It’s never dull researching during the rainy season in southern Mexico. During the morning I dashed around Tapachula, trying to finish up and then traverse the uber-curvy road through the Sierra Madre range before the afternoon rains made it impossible to see. Yesterday, I headed out too late to the coffee-growing mountain areas of Santo Domingo and Union Juárez. I’d had to pull over on the outskirts of the city and wait an hour as the thunder cracked overhead and the rain was an opaque non-navigable blob. Once I could see, certain intersections of Tapachula resembled cresting rivers, with whitewater at least two feet deep.

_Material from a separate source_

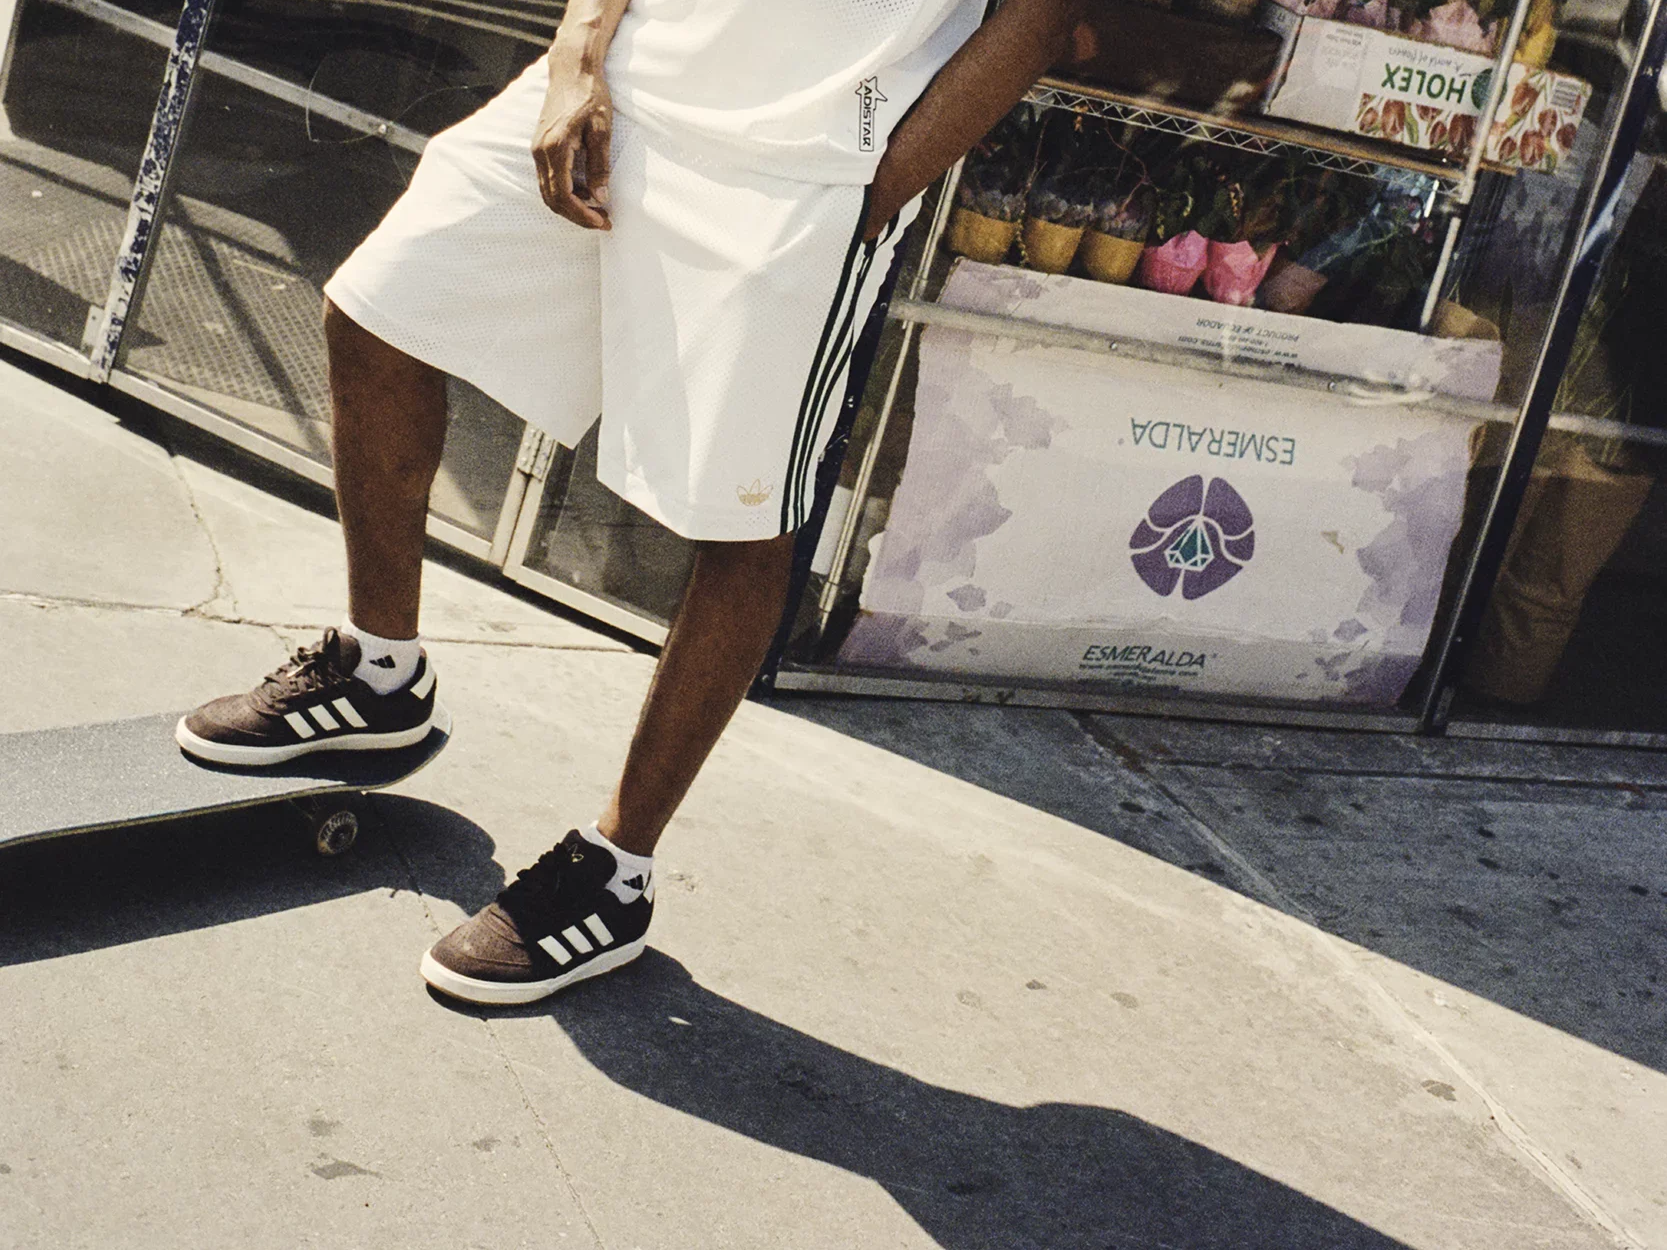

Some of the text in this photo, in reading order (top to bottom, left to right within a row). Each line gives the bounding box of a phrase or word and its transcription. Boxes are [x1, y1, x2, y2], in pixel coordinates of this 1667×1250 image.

 I wasn’t able to leave until about noon today, but the drive north twisted through dense cloud forest so gorgeous that it made all the back-and-forth steering contortions worthwhile. The road sign pegged Motozintla at 30 kilometers, and Comitán was a few hours past that. Rounding a curve, a line of cars and trucks idled with their hazards on, and I did the same. One by one the engines went silent, so I followed suit and asked what was going on. A landslide, they said, it’s been here since this morning and it’s a few kilometers ahead.



Well, it was more like ten minutes walking until the front of the line, where a huge stripe of mud and trees had skidded into the roadway. Thirty men with shovels barely dented the surface of a hill some fifteen feet high. Combis, the vans used for regional public transportation, discharged their passengers close to the muck on both sides, and people carefully climbed over to continue their journeys with combis on the other side. Folks near that front of the stagnant queue said that the mud had dislodged early in the morning and amazingly no one had been hurt.


So it was a morning of frenzied and needless rushing, followed by an entire afternoon waiting for an earth mover to scrape the road. And perhaps a nudge for me to slow down my schedule and take things at a more relaxed pace.